サンドバック
デッテは、ハナが可愛くて、仕方ない。
何をしても何をされても、ほとんど怒ることがない。
「おれ、ハナちゃん怒れないわ」
と言いだした。アホか。そんなのハナが思春期になって、変な男連れてきても同じセリフが言えるんかい!
デッテが怒れないとなると、自動的にわたしだけが、何かあるとハナを叱る役になる。わたしに叱られると、デッテに助けを求めにいくハナ。それを優しく抱きしめるデッテ。絵に描いたようなデッテの理想図だ。
「ハナちゃん、デッテ好き!」
可愛らしい言い方でべた惚れされると、
「どうせ、こんなに俺を好きでいてくれるのも今だけだ」
といいながらも、顔が崩れる男親。
しかし、ハナの言葉の殺傷力は健在のため、抱きしめられながら、ふと
「デッテ、こことここが臭い」
と襟元を指差す。デッテも苦笑いしながら
「ハナちゃん、これはね、加齢臭っていうんだよ。デッテが臭くてもデッテのこと好き?」
と聞くと、好き~!と答えるハナ。顔が崩れる男親。理想だ。
けれど、ハナも所詮女子というべきか、いつもデッテに首っ丈の可愛らしい女の子というわけがない。
ココと喧嘩したり、気に入らないことや、ヤキモキすることがあると、それもデッテに行く。
「もう!デッテ!!」
と言って、首に思い切りエルボー。あるときは、泣いたハナを抱き上げると、平手打ち。喉ぼとけに、正拳突き。

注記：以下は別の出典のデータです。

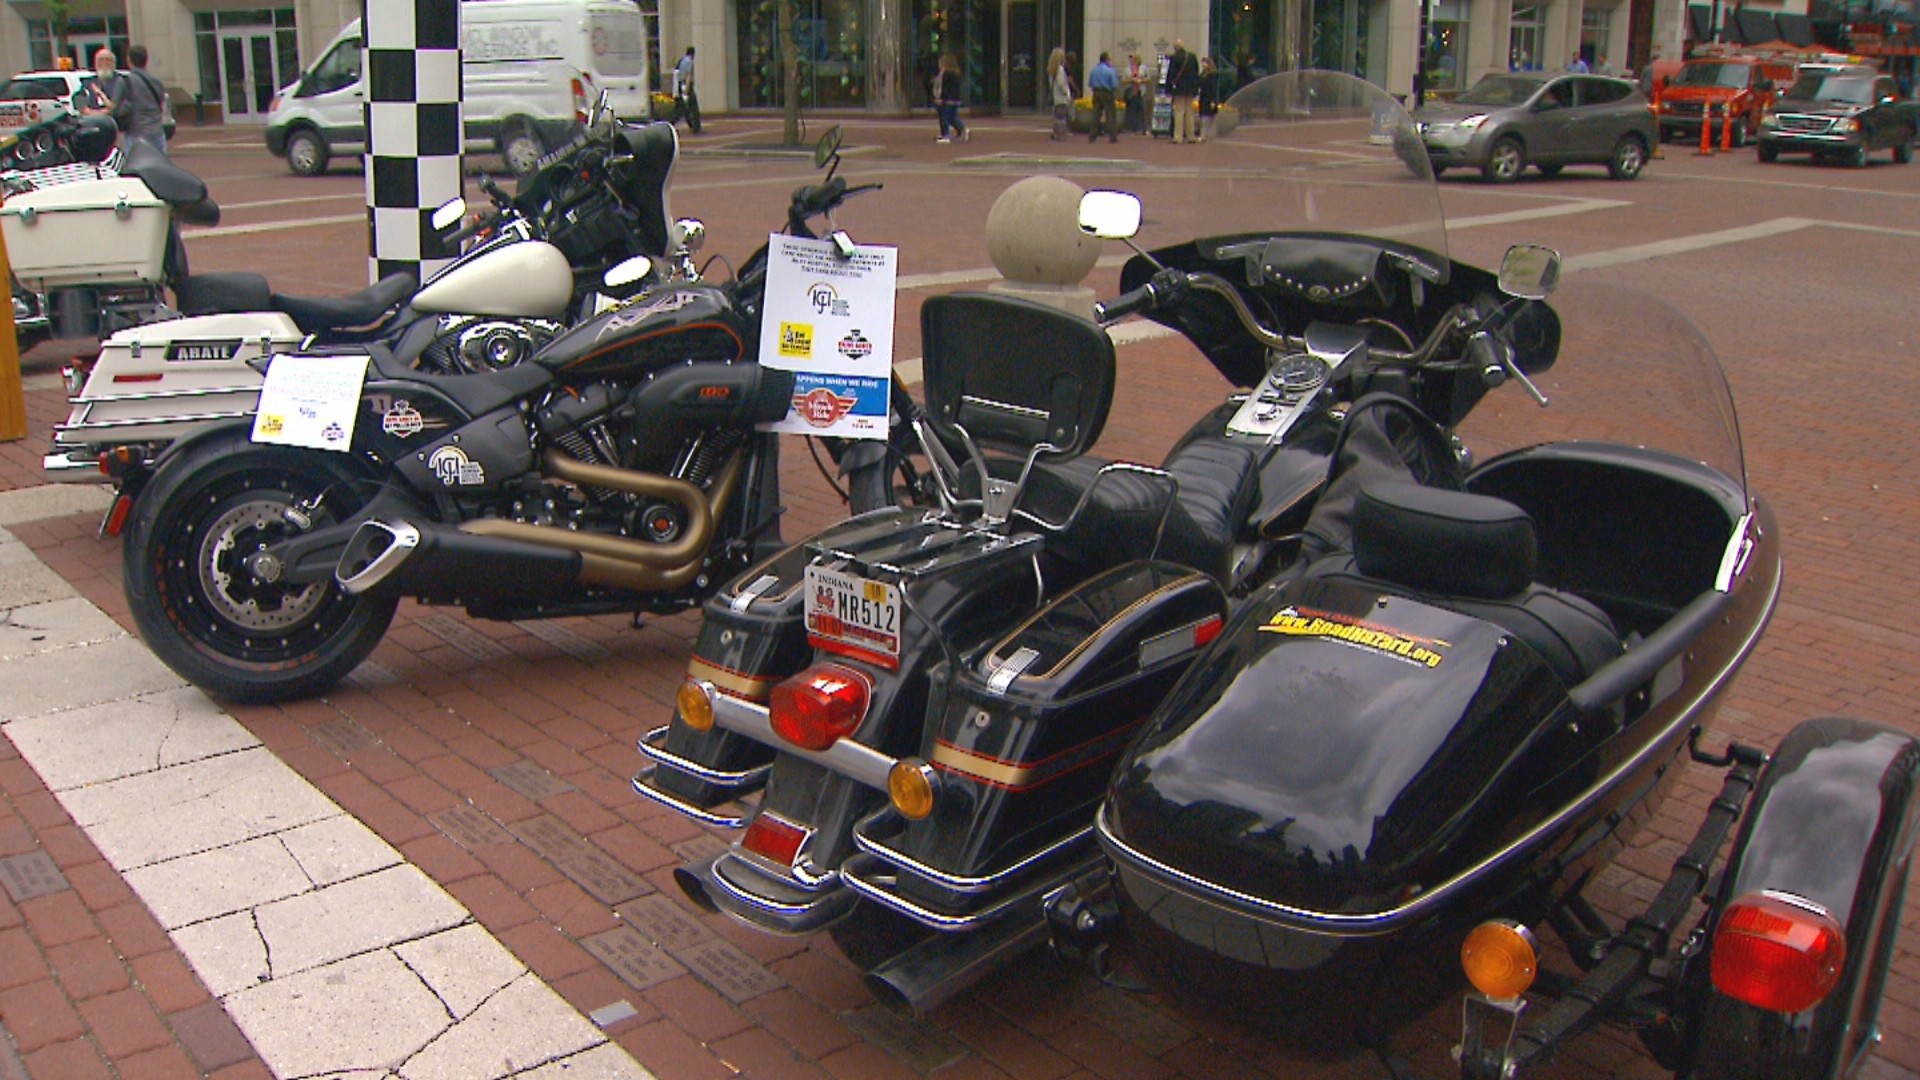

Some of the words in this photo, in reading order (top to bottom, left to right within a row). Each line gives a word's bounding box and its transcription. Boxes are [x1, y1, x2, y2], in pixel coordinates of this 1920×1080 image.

「おれ、まったく関係ないのに」と喉元押さえながら、涙目で言う。
ココにやられた仕返し、苛立ちを、八つ当たりしにデッテに向かっていくハナ。
泣いてもデッテ、怒ってもデッテ、デッテ大好き。
普段、怒らない、なんてやっているから、都合いい様に扱われるんだよ。
ハナのいいサンドバックになっている姿をみながら、ひそかにその状況をほくそ笑んでいる母だった。